### Exercise objective
Transcribe each record exactly, but omit pictures.

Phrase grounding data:

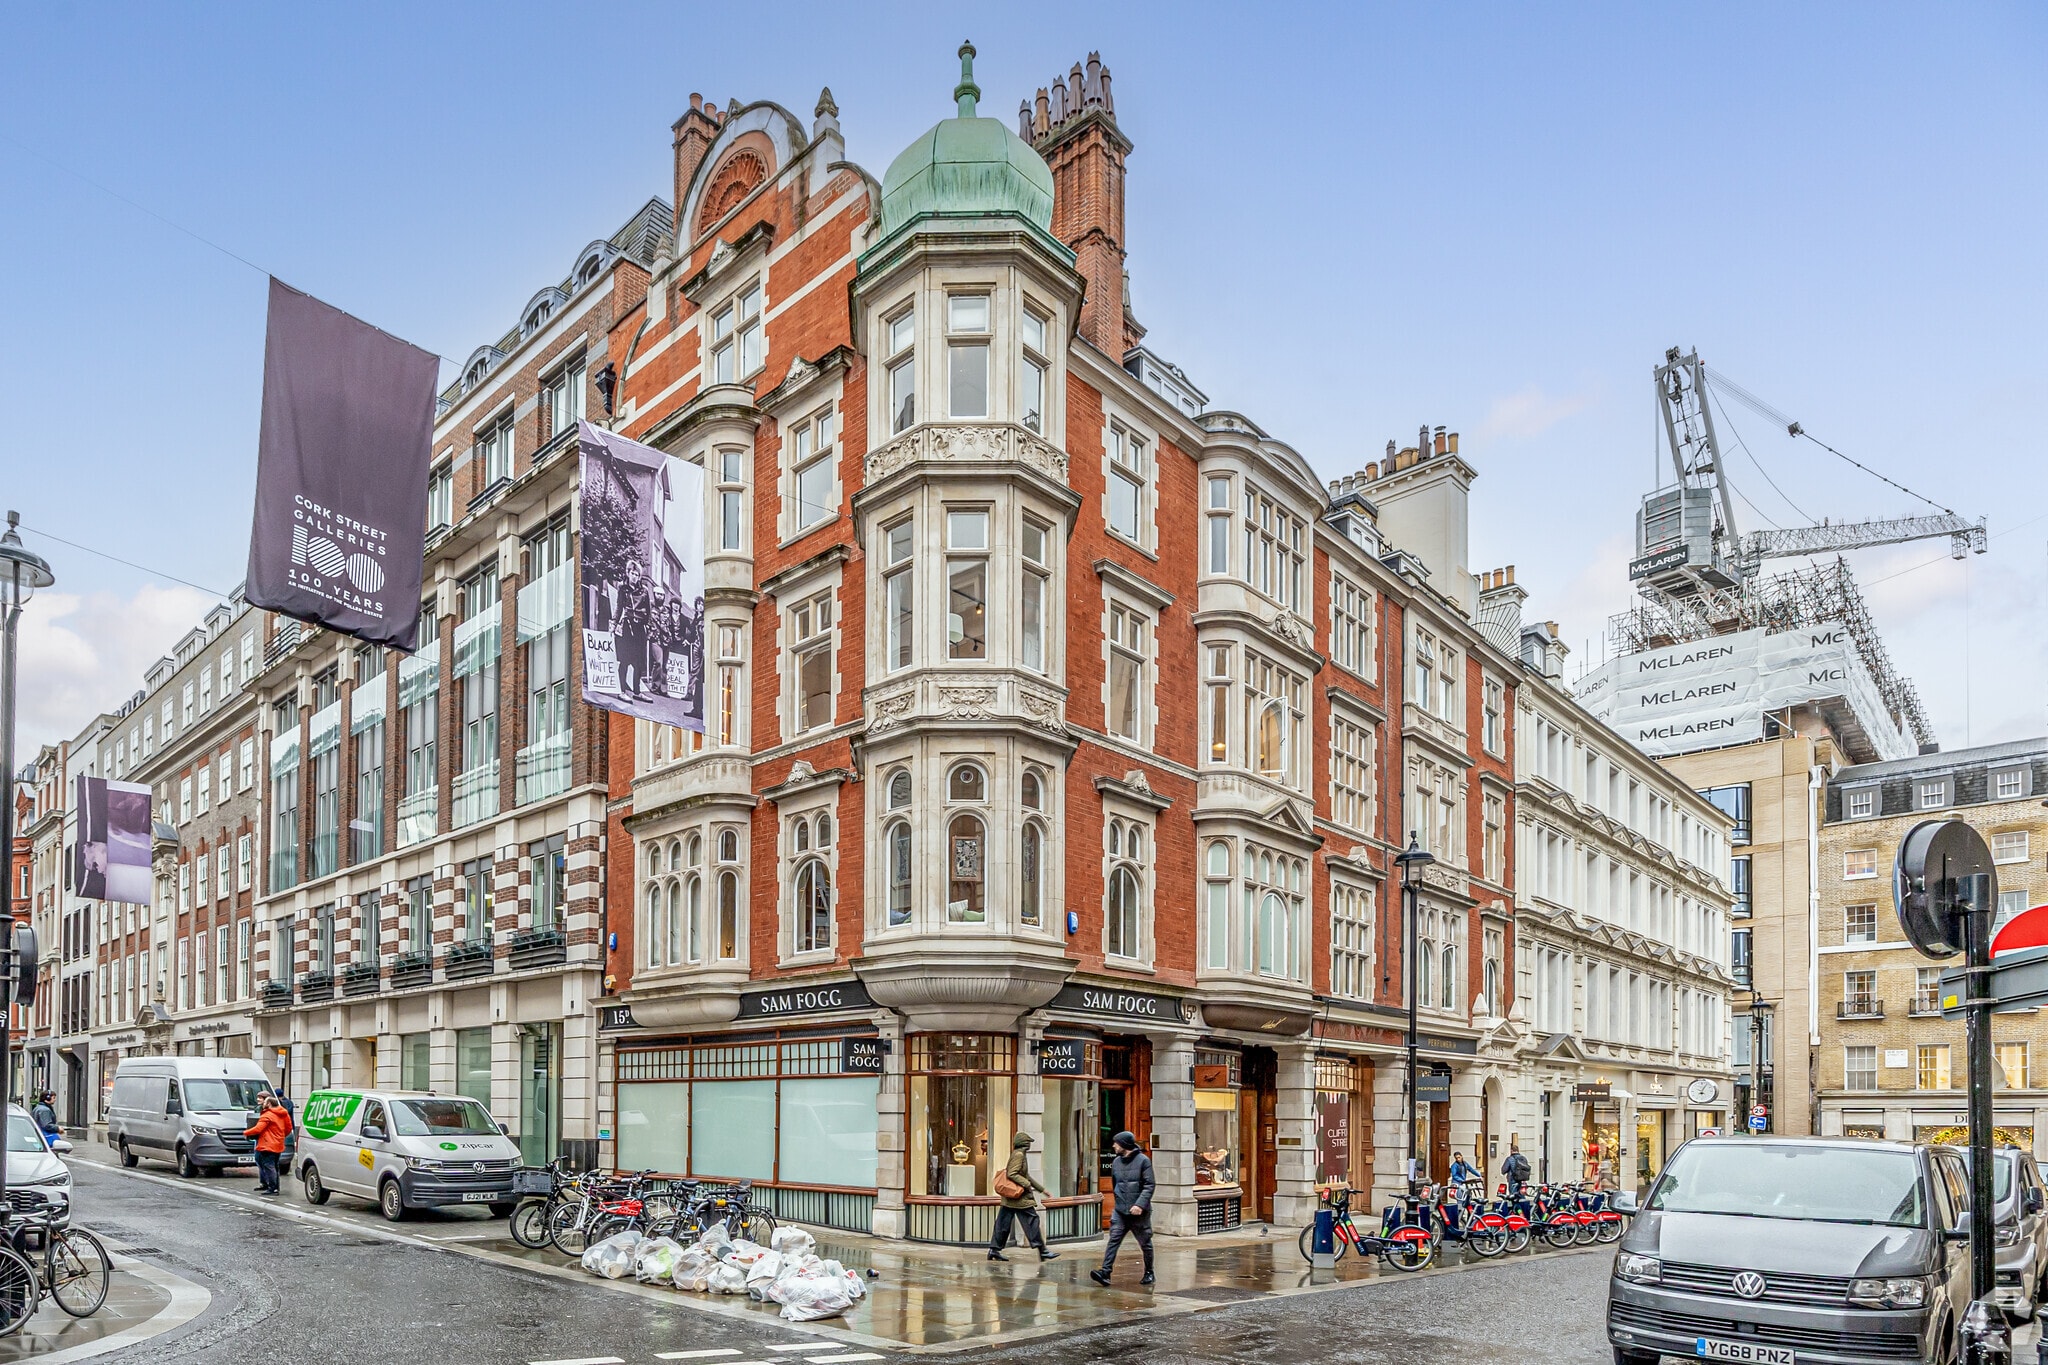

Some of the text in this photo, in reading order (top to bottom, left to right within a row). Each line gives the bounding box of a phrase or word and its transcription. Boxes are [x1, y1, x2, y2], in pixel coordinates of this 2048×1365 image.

[294, 494, 387, 541] CORK STREET
[294, 509, 386, 556] GALLERIES
[1630, 552, 1686, 574] McLAREN
[288, 568, 384, 612] 100 YEARS
[297, 584, 324, 598] INITIATIVE
[587, 633, 614, 652] BLACK
[588, 658, 615, 674] WHITE
[1639, 645, 1734, 672] McLAREN
[592, 675, 616, 686] UNITE
[1641, 682, 1736, 707] McLAREN
[1640, 717, 1734, 742] McLAREN
[760, 989, 842, 1014] SAM FOGG
[1082, 991, 1156, 1015] SAM FOGG
[853, 1042, 876, 1055] SAM
[1046, 1046, 1072, 1056] SAM
[850, 1056, 880, 1068] FOGG
[1042, 1058, 1076, 1070] FOGG
[307, 1096, 353, 1127] zipcar
[1708, 1342, 1790, 1364] YG68 PNZ

### Output below
Some of the text in this photo, in reading order (top to bottom, left to right within a row). Each line gives the bounding box of a phrase or word and its transcription. Boxes are [x1, y1, x2, y2], in pixel coordinates of this 2048×1365 image.

[294, 494, 387, 541] CORK STREET
[294, 509, 386, 556] GALLERIES
[1630, 552, 1686, 574] McLAREN
[288, 568, 384, 612] 100 YEARS
[297, 584, 324, 598] INITIATIVE
[587, 633, 614, 652] BLACK
[588, 658, 615, 674] WHITE
[1639, 645, 1734, 672] McLAREN
[592, 675, 616, 686] UNITE
[1641, 682, 1736, 707] McLAREN
[1640, 717, 1734, 742] McLAREN
[760, 989, 842, 1014] SAM FOGG
[1082, 991, 1156, 1015] SAM FOGG
[853, 1042, 876, 1055] SAM
[1046, 1046, 1072, 1056] SAM
[850, 1056, 880, 1068] FOGG
[1042, 1058, 1076, 1070] FOGG
[307, 1096, 353, 1127] zipcar
[1708, 1342, 1790, 1364] YG68 PNZ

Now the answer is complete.